Chaque année, l’AJPF (Association pour le jumelage entre les camps de réfugiés palestiniens et les villes françaises) organise le déplacement de délégations d’élus en Palestine et dans les camps de réfugiés, en Cisjordanie et au Liban. En quoi est-ce essentiel ?
Il n’y a pas meilleure façon de se rendre compte de la situation que d’y aller. Constater ce que subissent chaque jour les Palestiniens, ce que perpètrent une armée et un gouvernement colonial. L’AJPF s’est constituée, en complémentarité de beaucoup d’autres associations qui luttent pour les droits du peuple palestinien, avec une certitude : les liens tissés entre les peuples peuvent faire gagner la paix.

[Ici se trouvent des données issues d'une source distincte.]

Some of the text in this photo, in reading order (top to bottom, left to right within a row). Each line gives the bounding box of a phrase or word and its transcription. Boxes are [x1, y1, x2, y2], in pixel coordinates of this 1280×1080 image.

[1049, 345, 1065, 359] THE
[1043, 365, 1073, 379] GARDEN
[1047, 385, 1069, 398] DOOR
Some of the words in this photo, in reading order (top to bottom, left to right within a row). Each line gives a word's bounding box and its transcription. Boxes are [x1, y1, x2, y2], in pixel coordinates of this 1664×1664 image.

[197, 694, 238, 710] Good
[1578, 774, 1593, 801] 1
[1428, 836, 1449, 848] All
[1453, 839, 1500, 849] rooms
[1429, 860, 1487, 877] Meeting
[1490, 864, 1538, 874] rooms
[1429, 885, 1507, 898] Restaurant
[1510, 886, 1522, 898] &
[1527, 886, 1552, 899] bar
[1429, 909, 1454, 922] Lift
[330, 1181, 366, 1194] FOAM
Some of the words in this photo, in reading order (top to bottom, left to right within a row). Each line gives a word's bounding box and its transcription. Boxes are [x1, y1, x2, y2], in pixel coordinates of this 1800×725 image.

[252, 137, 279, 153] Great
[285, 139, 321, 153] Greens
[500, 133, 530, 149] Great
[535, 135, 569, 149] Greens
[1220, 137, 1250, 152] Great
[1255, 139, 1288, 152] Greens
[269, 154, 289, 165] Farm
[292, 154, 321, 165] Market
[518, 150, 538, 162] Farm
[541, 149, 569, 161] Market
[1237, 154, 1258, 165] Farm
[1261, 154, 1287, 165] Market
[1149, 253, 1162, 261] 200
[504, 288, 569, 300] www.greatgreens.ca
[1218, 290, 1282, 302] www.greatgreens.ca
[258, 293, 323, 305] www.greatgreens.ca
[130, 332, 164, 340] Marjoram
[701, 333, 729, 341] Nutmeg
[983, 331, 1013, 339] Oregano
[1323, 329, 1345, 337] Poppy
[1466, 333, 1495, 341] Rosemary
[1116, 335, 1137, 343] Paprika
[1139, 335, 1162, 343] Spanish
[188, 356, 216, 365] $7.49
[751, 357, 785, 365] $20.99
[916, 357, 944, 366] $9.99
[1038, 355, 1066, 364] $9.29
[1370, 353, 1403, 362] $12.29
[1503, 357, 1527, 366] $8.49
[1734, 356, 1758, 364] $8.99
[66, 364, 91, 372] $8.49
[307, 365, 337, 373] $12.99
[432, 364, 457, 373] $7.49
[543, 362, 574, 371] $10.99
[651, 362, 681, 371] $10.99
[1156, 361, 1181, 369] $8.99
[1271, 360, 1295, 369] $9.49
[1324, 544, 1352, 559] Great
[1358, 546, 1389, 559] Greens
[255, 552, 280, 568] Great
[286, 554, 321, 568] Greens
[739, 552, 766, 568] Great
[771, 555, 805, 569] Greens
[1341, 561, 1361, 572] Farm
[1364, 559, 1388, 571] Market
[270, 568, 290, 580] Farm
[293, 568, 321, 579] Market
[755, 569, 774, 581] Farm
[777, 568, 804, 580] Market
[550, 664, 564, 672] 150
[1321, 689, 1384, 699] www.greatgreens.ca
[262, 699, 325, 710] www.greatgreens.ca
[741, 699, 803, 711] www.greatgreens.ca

Alors que la question palestinienne a été reléguée au second rang des priorités internationales, que les médias dominants parlent peu et mal de ce conflit, envoyer sur place des élus de la République – mais pas que – permet de constater l’oppression, le mépris, la haine même qui s’abattent sur ce peuple dans le silence assourdissant de la communauté internationale, qui condamne, certes, de temps en temps, les actes du gouvernement et de l’armée israélienne, mais sans jamais prononcer de sanctions.
Pourtant, on l’a vu avec la guerre en Ukraine, elle a les moyens d’agir. En parallèle, lors de ces délégations, l’AJPF s’oblige à travailler avec un panel de partenaires locaux, responsables politiques palestiniens ou personnalités issues de la société civile – y compris israélienne. L’AJPF ne cherche pas à imposer un récit mais à opposer le réel aux préjugés.
Quelles actions menez-vous sur le terrain ?
Le but de notre association est avant tout de créer des réseaux, des liens privilégiés avec les camps de réfugiés palestiniens. Il appartient ensuite à chacun de développer des projets en fonction des besoins, des affinités, des capacités d’investissement. Ce lien de jumelage est d’abord politique. Nous militons pour la reconnaissance de l’État de Palestine et du droit au retour des réfugiés. Mais pas seulement.
Le jumelage ou la coopération décentralisée permettent également des échanges culturels, sportifs ou de solidarité. Soutien scolaire, formation d’animateurs socioculturels, financement de centres de santé, projets d’assainissement ou de traitement des déchets, accueil en vacances de jeunes Palestiniens… le panel d’actions possibles est large.
C’est grâce à cela que, par exemple, des jeunes Palestiniens du camp de Balata (dans les environs de Naplouse, au cœur de la Cisjordanie occupée – NDLR), ont pu, en se rendant à Mauléon (Deux-Sèvres), voir la mer pour la première fois.
Quel regard portez-vous sur l’évolution de la situation sur place ?
Je suis allée en Palestine pour la première fois il y a dix ans, et j’y suis retournée quatre fois depuis. À tous les niveaux, la situation s’est largement durcie et profondément dégradée, y compris ces derniers mois. Depuis janvier, le nombre d’incursions israéliennes dans les camps et les villages palestiniens a explosé, avec plus de 200 Palestiniens tués en quelques mois à peine.
Il est particulièrement frappant de constater à quel point les colons agissent violemment, encore plus que l’armée parfois. Ils détruisent des maisons, incendient des terres agricoles et des véhicules, assassinent en toute impunité.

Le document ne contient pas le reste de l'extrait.